■ **Activity**
Every record below must be retyped exactly, with the pictures left out.

Segment Start: Source material

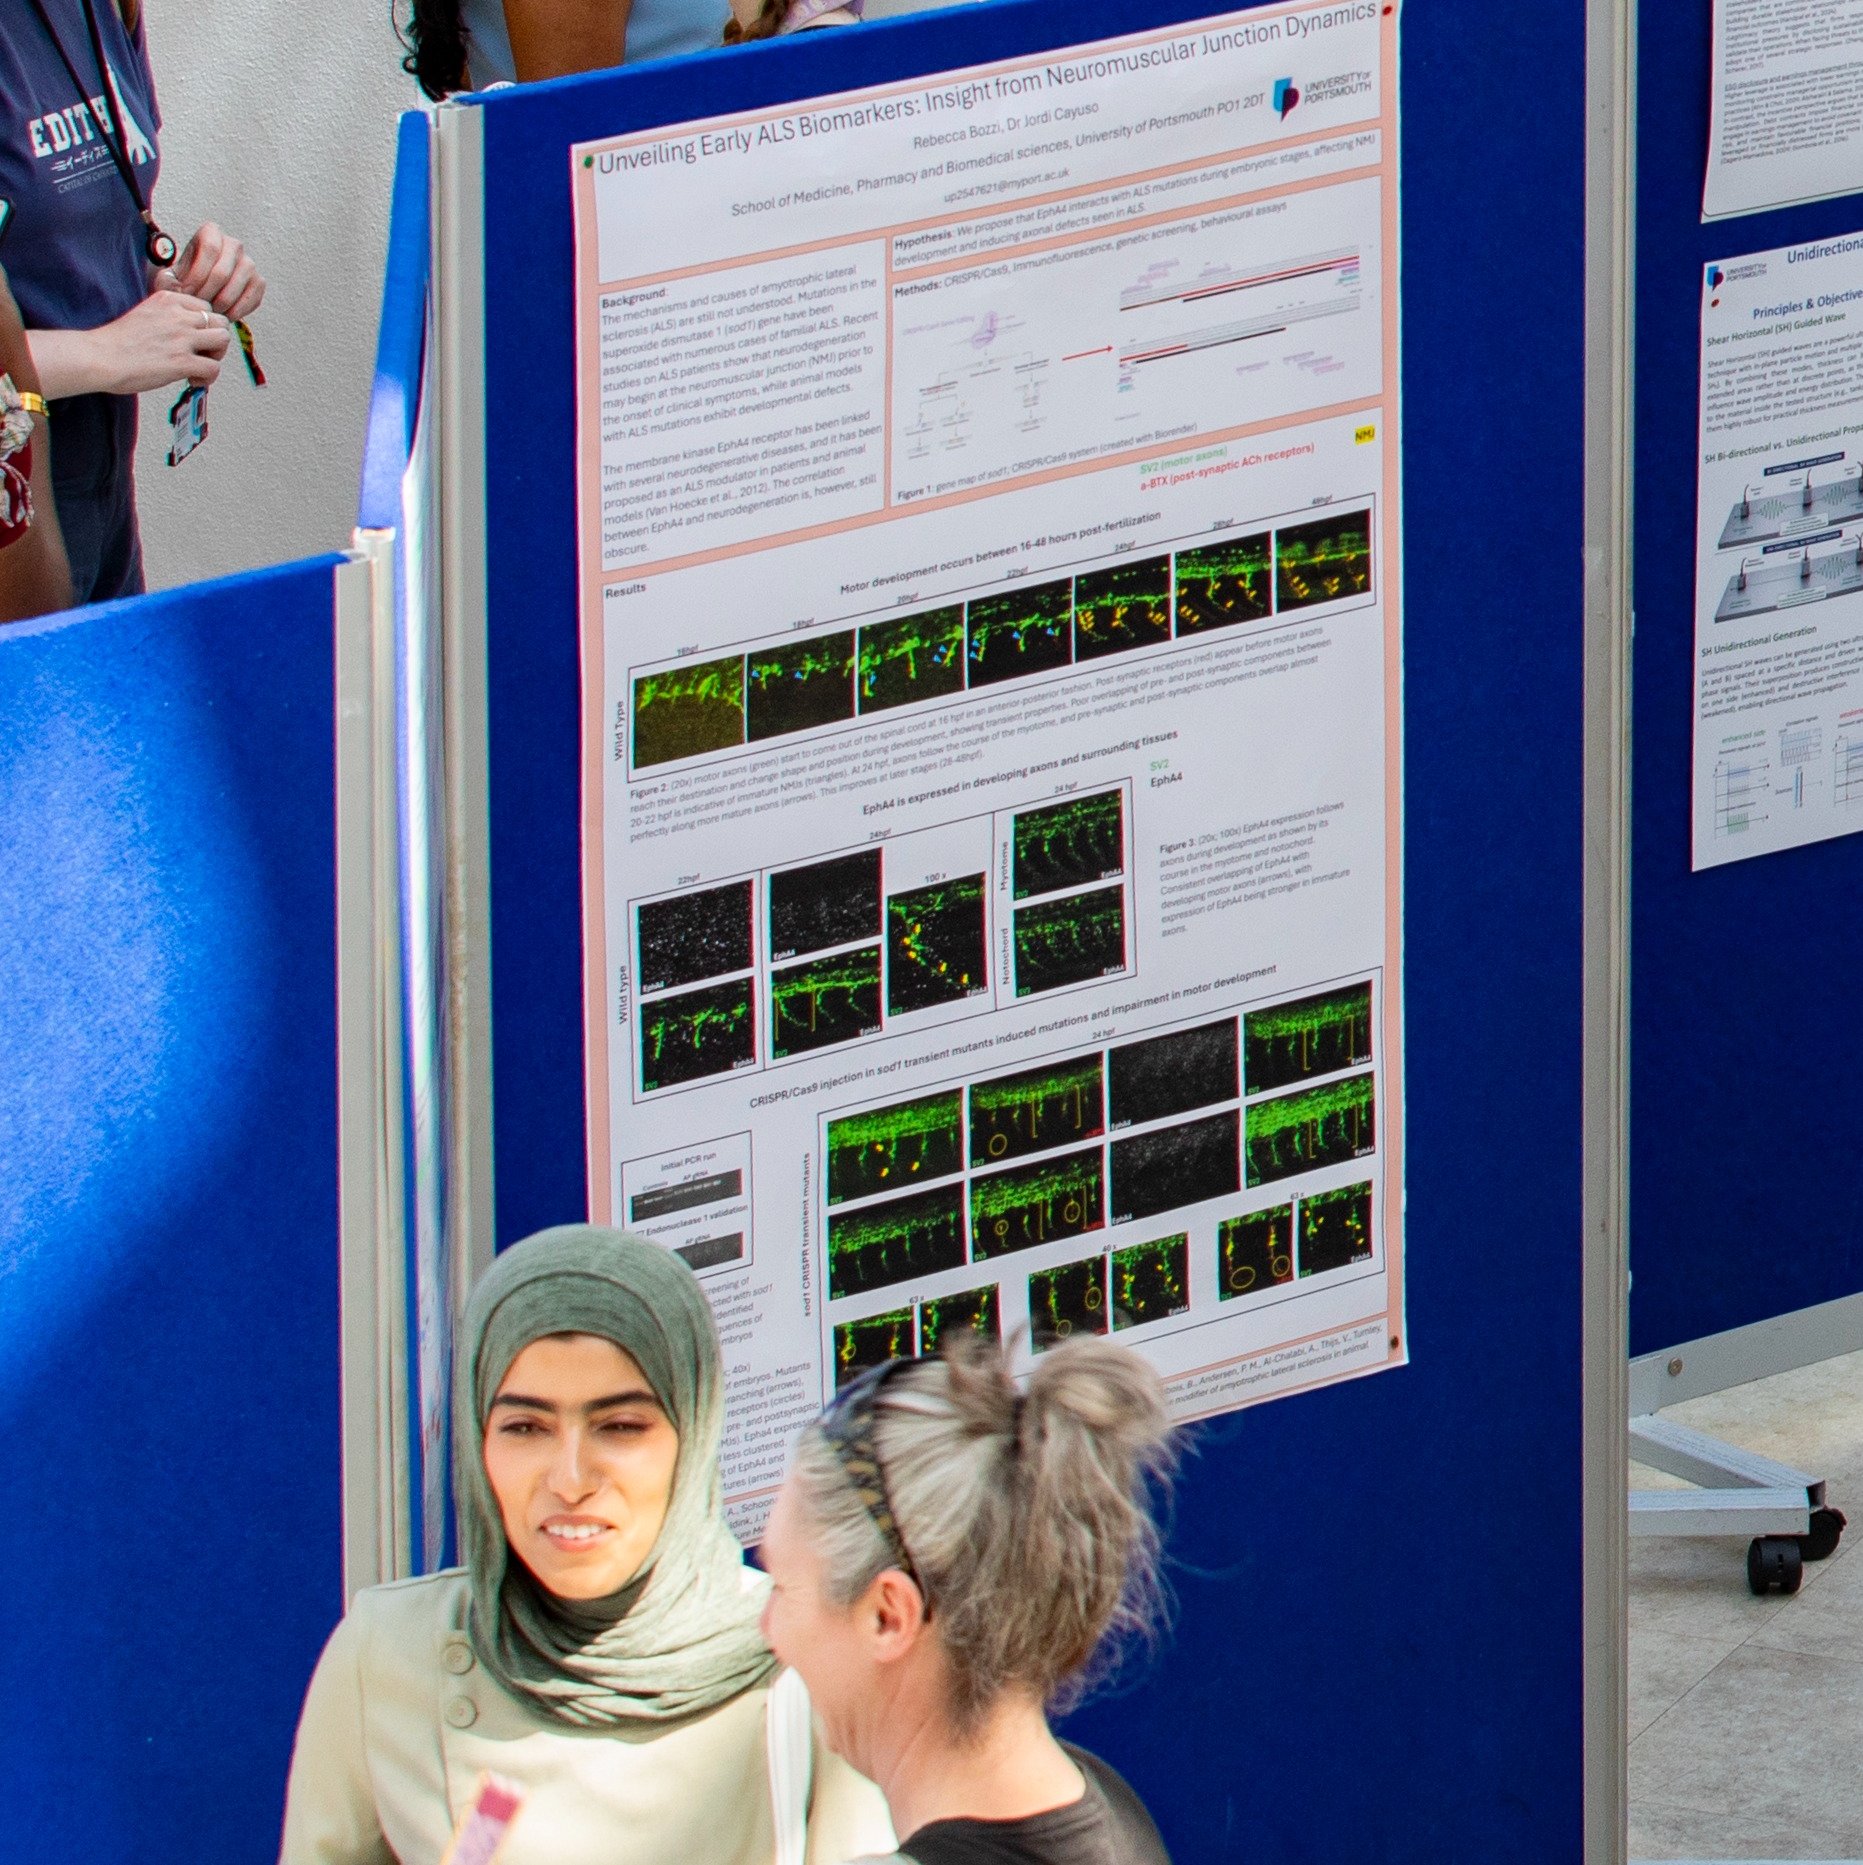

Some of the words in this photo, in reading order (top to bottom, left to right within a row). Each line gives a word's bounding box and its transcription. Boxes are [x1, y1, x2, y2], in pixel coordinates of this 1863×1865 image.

[28, 95, 114, 159] EDITH
[598, 137, 697, 176] Unveiling
[700, 122, 752, 156] Early
[757, 118, 796, 146] ALS
[799, 96, 923, 138] Biomarkers:
[925, 80, 993, 113] Insight
[991, 63, 1045, 98] from
[1043, 41, 1196, 87] Neuromuscular
[1202, 23, 1281, 56] Junction
[1285, 2, 1376, 39] Dynamics

Segment End: Source material

■ **Answer space**
Some of the words in this photo, in reading order (top to bottom, left to right within a row). Each line gives a word's bounding box and its transcription. Boxes are [x1, y1, x2, y2], in pixel coordinates of this 1863×1865 image.

[28, 95, 114, 159] EDITH
[598, 137, 697, 176] Unveiling
[700, 122, 752, 156] Early
[757, 118, 796, 146] ALS
[799, 96, 923, 138] Biomarkers:
[925, 80, 993, 113] Insight
[991, 63, 1045, 98] from
[1043, 41, 1196, 87] Neuromuscular
[1202, 23, 1281, 56] Junction
[1285, 2, 1376, 39] Dynamics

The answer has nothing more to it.